Lamarck, Jean Baptiste Pierre Antoine de Monet, chevalier de [key], 1744–1829, French naturalist. He is noted for his study and classification of invertebrates and for his introduction of evolutionary theories. After varied careers he turned his attention to botany, and recognition of his skill followed upon publication of Flore françoise (3 vol., 1778). He was elected to the Academy of Sciences, and, aided by Buffon, he traveled over Europe, under the title of royal botanist, visiting museums and collecting material for the museum of the academy. From 1793 he was professor of zoology at the Museum of Natural History. His ideas concerning the origin of species were first made public in his Système des animaux sans vertèbres (1801). He introduced the terms biology and Invertebrata and suggested the invertebrate classes Infusoria, Annelida, Crustacea, Arachnida, and Tunicata. He is also considered the founder of invertebrate paleontology. His later works were Philosophie zoologique (2 vol., 1809; tr. Zoological Philosophy, 1963) and Histoire naturelle des animaux sans vertèbres (7 vol. in 8, 1815–22). Blindness and poverty marred his later years.

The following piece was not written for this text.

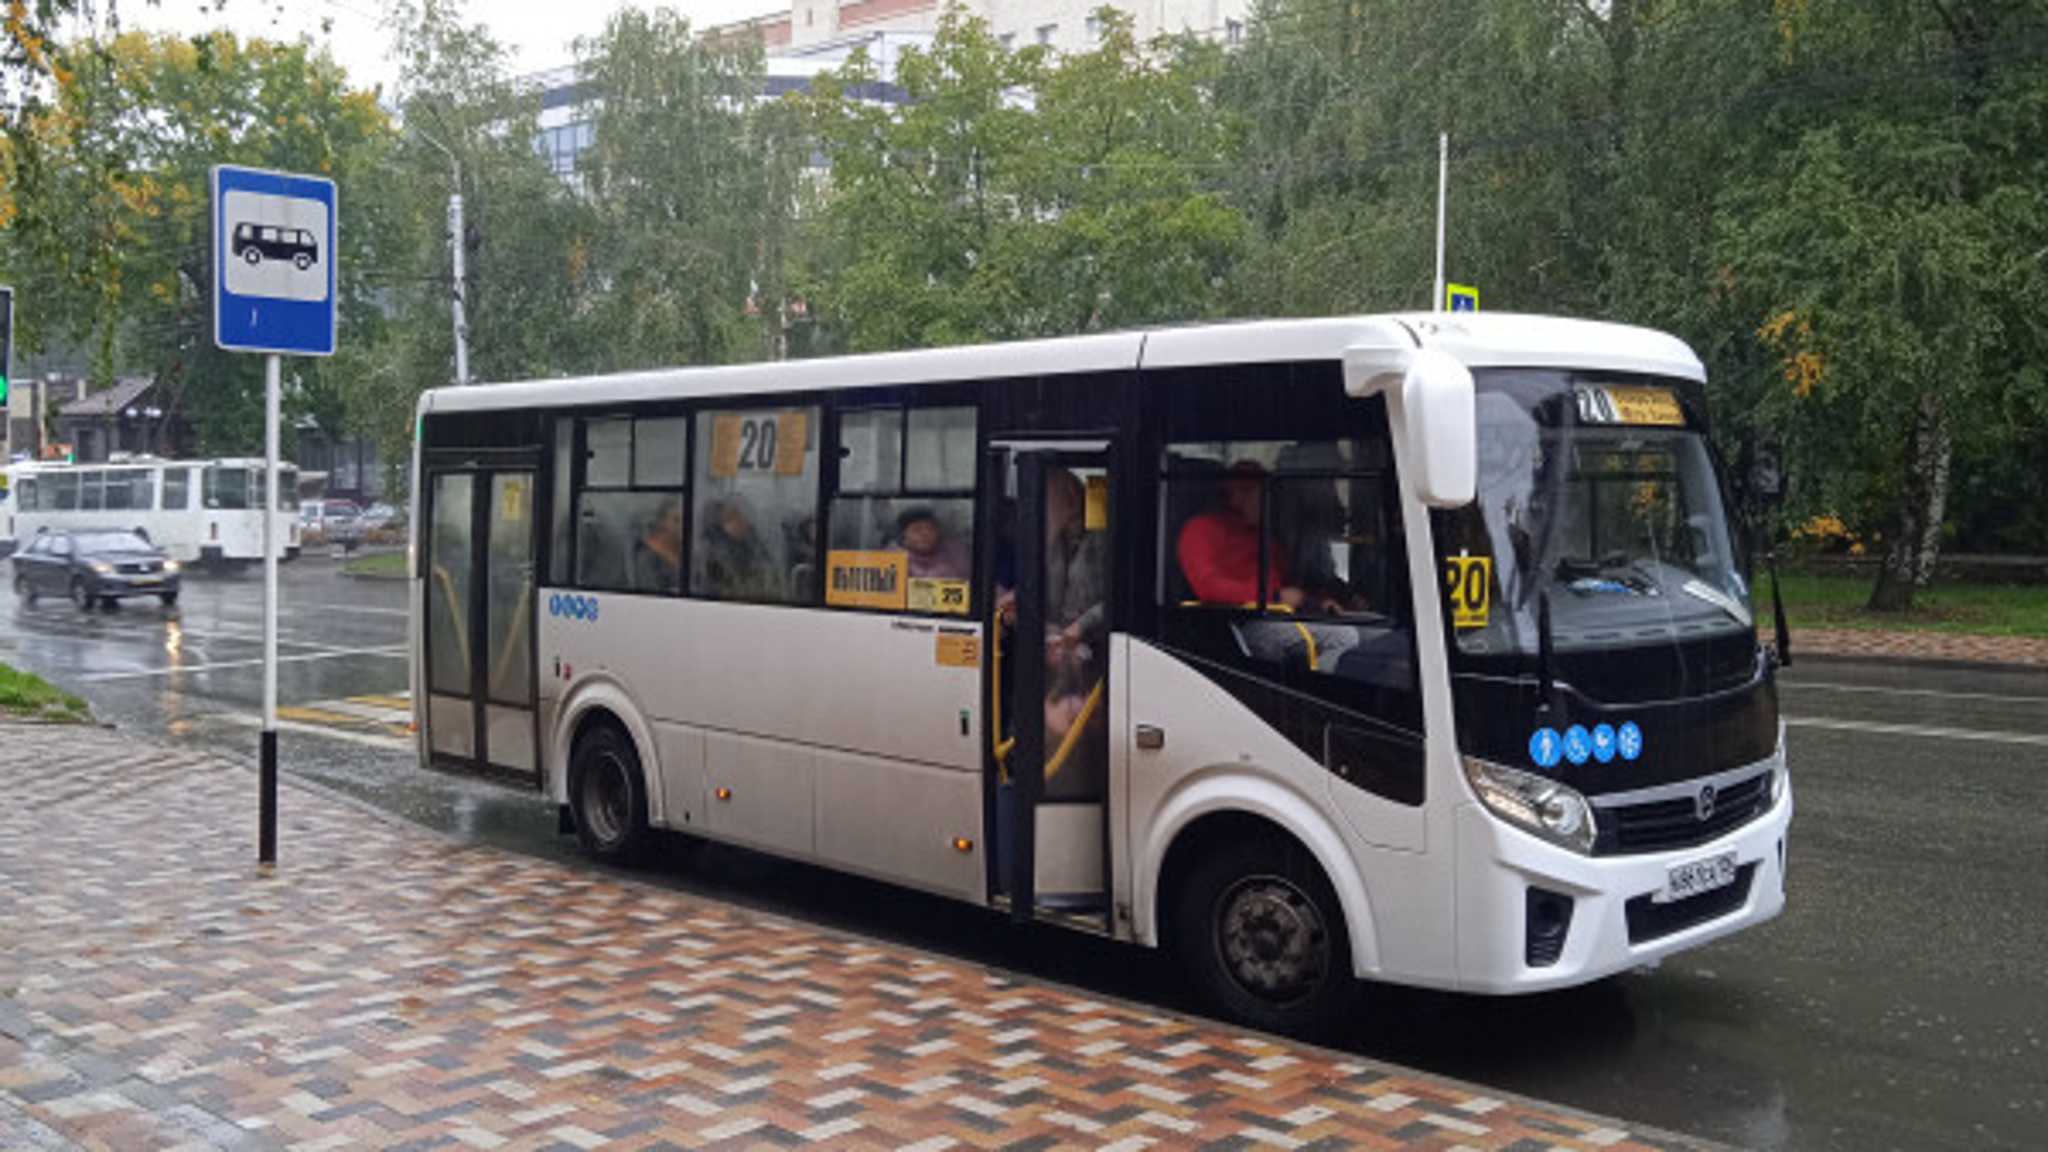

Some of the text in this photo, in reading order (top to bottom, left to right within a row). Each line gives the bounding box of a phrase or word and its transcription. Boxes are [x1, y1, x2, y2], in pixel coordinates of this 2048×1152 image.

[1577, 387, 1612, 422] 20
[738, 419, 776, 470] 20
[1445, 560, 1486, 612] 20

Lamarck's theory of evolution, or Lamarckism, asserts that all life forms have arisen by a continuous process of gradual modification throughout geologic history. To explain this process he cited the then generally accepted theory of acquired characteristics, which held that new traits in an organism develop because of a need created by the environment and that they are transmitted to its offspring. Although the latter hypothesis was disputed during Lamarck's lifetime by Cuvier and others and was rejected altogether as the principles of heredity were established, Lamarck's theory of evolution was an important forerunner of the work of Charles Darwin, who recognized a modified influence of environment in evolutionary processes.
See studies by R. W. Burkhart (1977) and P. Corsi (tr. 1988).